[Opening DATA section]

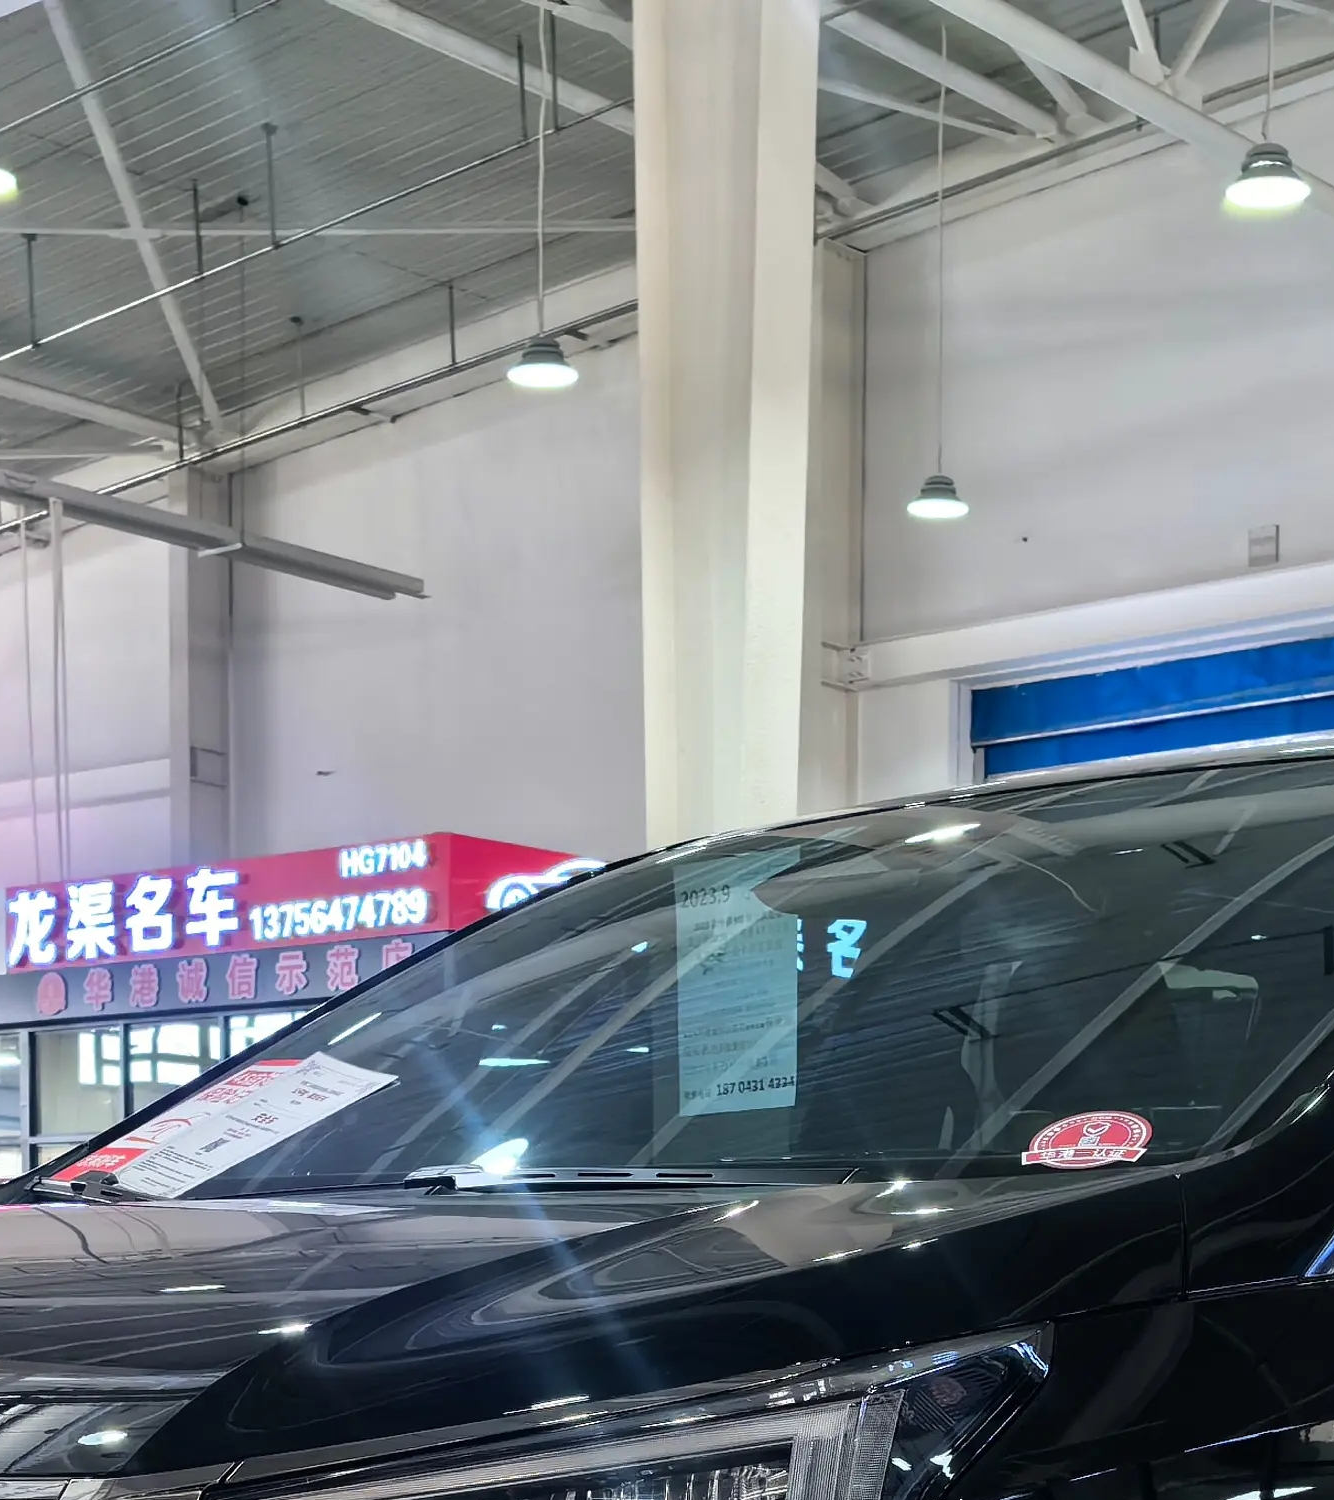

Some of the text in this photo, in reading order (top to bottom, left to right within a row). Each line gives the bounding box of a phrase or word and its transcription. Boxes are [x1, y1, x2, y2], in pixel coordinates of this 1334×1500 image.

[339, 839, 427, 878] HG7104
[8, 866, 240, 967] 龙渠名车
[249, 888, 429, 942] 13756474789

[Closing DATA section]
[Opening DATA section]

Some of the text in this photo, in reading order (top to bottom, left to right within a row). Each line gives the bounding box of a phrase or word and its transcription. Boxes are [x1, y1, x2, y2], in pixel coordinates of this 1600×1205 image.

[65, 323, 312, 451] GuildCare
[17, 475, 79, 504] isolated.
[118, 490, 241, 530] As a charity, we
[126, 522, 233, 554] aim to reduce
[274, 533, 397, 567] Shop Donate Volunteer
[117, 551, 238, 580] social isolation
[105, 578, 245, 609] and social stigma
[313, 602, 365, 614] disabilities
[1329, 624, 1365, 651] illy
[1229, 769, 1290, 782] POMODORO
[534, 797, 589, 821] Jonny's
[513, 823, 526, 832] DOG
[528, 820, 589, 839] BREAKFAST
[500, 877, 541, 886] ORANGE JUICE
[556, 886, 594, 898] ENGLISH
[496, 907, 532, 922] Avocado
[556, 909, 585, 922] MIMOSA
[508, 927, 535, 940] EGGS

[Closing DATA section]
[Opening DATA section]

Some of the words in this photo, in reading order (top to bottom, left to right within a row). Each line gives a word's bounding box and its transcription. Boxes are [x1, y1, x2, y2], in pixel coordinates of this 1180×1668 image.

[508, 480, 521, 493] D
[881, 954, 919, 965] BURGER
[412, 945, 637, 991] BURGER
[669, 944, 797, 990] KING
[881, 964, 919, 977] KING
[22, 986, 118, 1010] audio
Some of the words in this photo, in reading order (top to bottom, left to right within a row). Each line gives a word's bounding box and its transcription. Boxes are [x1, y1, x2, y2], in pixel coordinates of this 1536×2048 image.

[Closing DATA section]

### WHAT YOU SHOULD DO
Reproduce exactly the entries above, limited to the lines from the one with "this 1180×1668 image." through the one with "this 1536×2048 image.", both included.

### WRITTEN ANSWER
Some of the words in this photo, in reading order (top to bottom, left to right within a row). Each line gives a word's bounding box and its transcription. Boxes are [x1, y1, x2, y2], in pixel coordinates of this 1180×1668 image.

[508, 480, 521, 493] D
[881, 954, 919, 965] BURGER
[412, 945, 637, 991] BURGER
[669, 944, 797, 990] KING
[881, 964, 919, 977] KING
[22, 986, 118, 1010] audio
Some of the words in this photo, in reading order (top to bottom, left to right within a row). Each line gives a word's bounding box and its transcription. Boxes are [x1, y1, x2, y2], in pixel coordinates of this 1536×2048 image.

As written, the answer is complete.